О милосердный бог! Ты наш услышал глас:
Не до конца еще прогневался на нас,
И русских осенил ты силою своею! —

» (Рецензия на «Рыбаков», идиллию Гнедича. — «Соревнователь просвещения и благотворения», 1822, XVIII, стр. 61. Ср: «Сочинения и переписка П. А. Плетнева», т. I, СПб. 1885, стр. 32).

4 Так говорил Александр I о войне с Наполеоном в 1812 году. (Н. К. Шильдер, Император Александр I, т. II, 1897, стр. 4.)

5 «Сын отечества», 1812, ч. I, № 2, стр. 51.

6 «Ржевский» дал отрицательный отзыв И. А. Дмитриевский весной 1808 года на заседании Российской академии (см. М. И. Сухомлинов, История Российской академии, т. VII, СПб. 1885, стр. 244—245 и 599).

7 Курсивы Ф. Глинки.

8 Те же мысли развивал будущий деятель декабризма Ф. Н. Глинка в своих «Письмах русского офицера».

9 «Вдали тиранов и невежд» — таков черновой текст; печатный текст, видимо, дает замену для цензуры: «Вдали взыскательных невежд».

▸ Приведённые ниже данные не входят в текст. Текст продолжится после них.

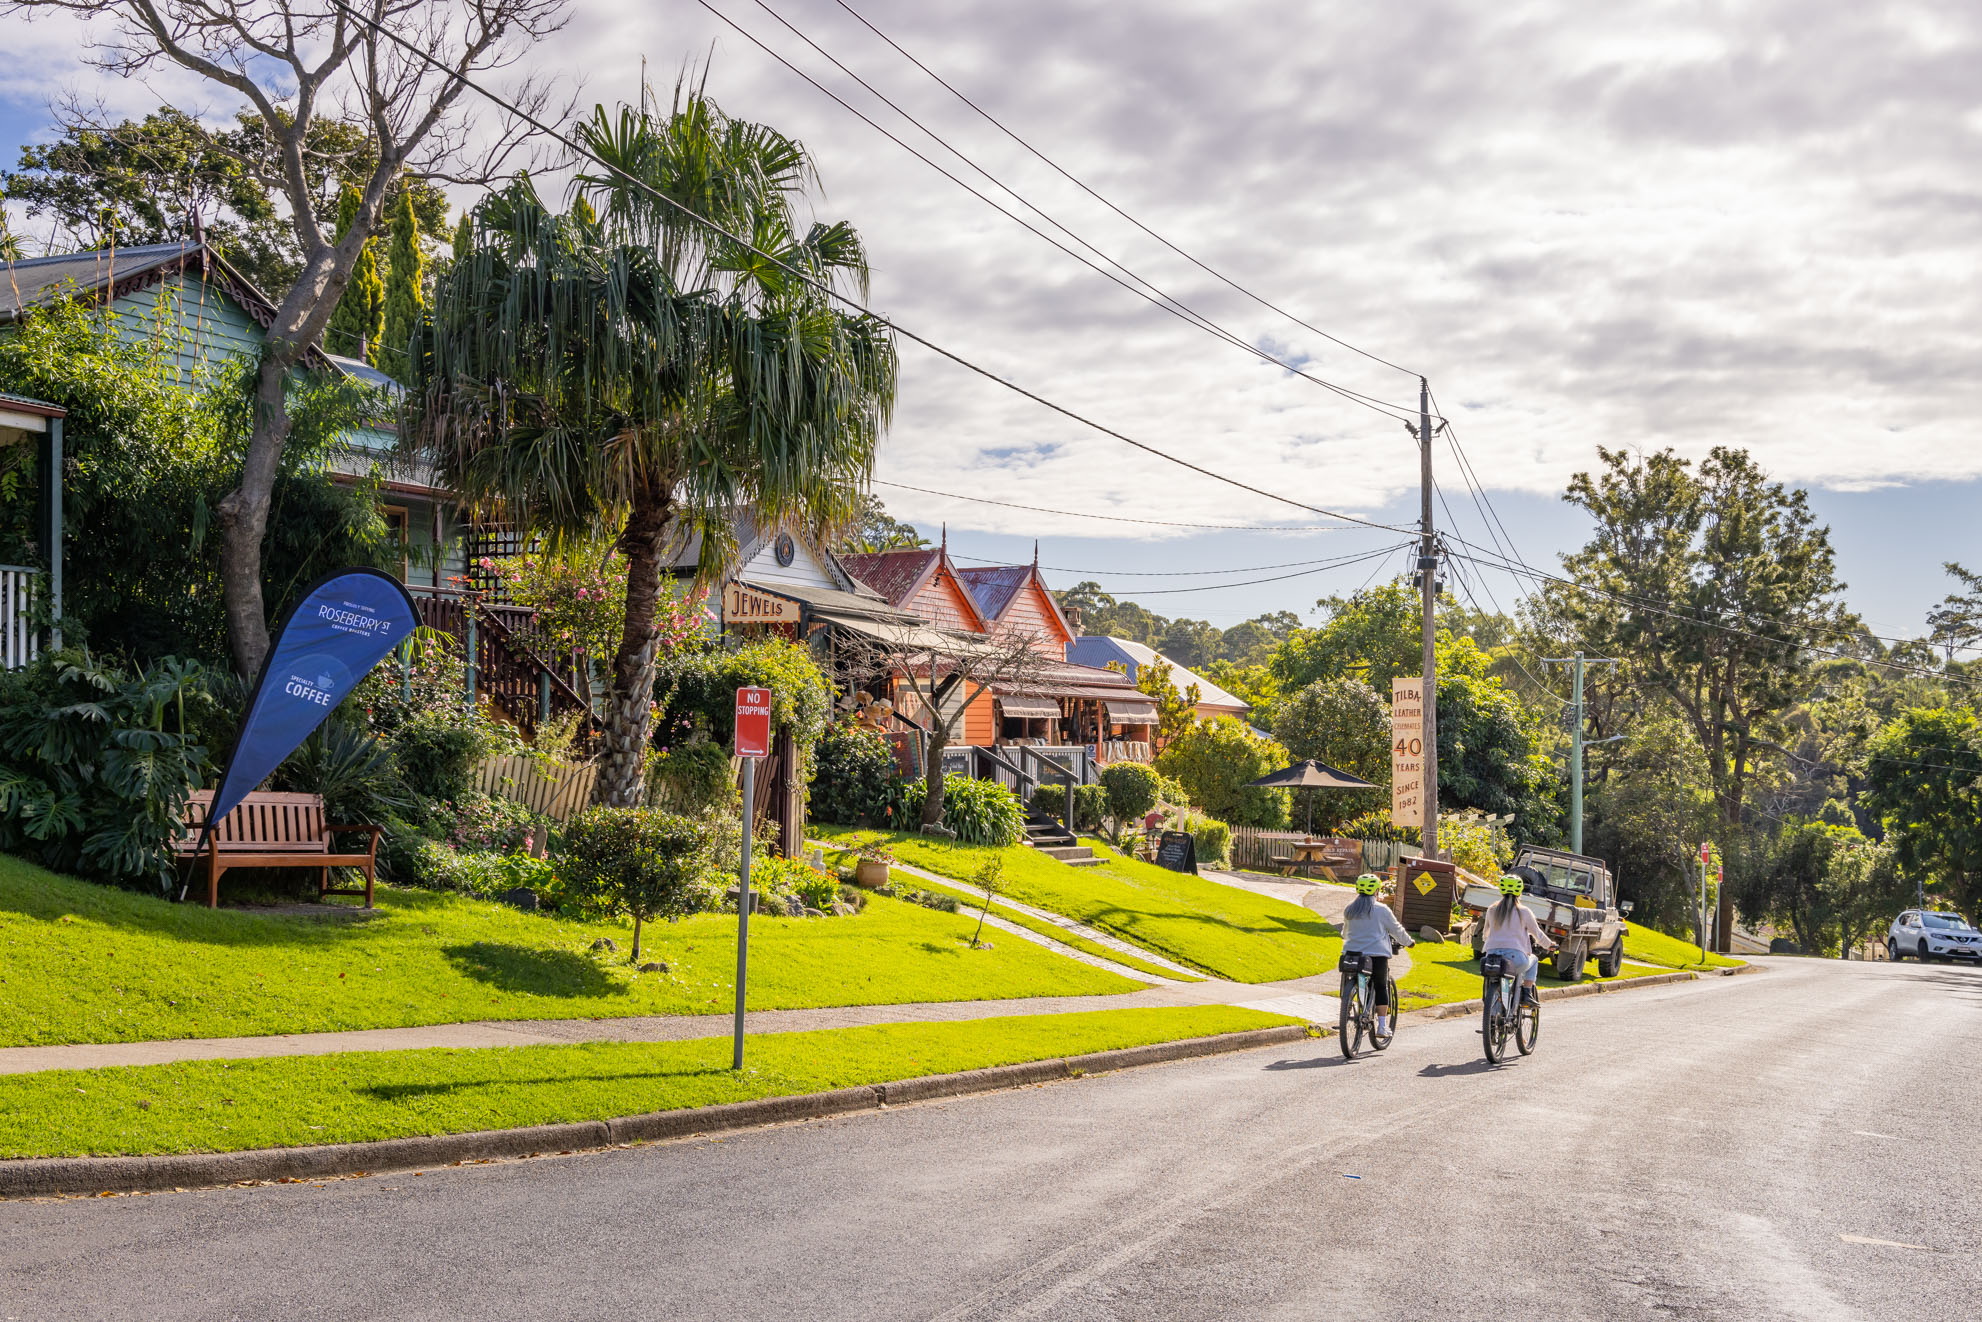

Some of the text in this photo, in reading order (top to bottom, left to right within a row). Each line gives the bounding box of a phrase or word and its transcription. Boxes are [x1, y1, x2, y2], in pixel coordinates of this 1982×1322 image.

10 J. -M. Chopin. Статья в «Révue Encyclopédique», 1830, t. 45. См. В. П. Закруткин«Братья-разбойники» Пушкина, «Ученые записки Ленинградского пединститута имени Герцена», т. VII, 1937, стр. 123.

11 «Остафьевский архив князей Вяземских», т. II, 1899, стр. 143—144 и 242.

12 «Хроника недавней старины», 1876, стр. 302.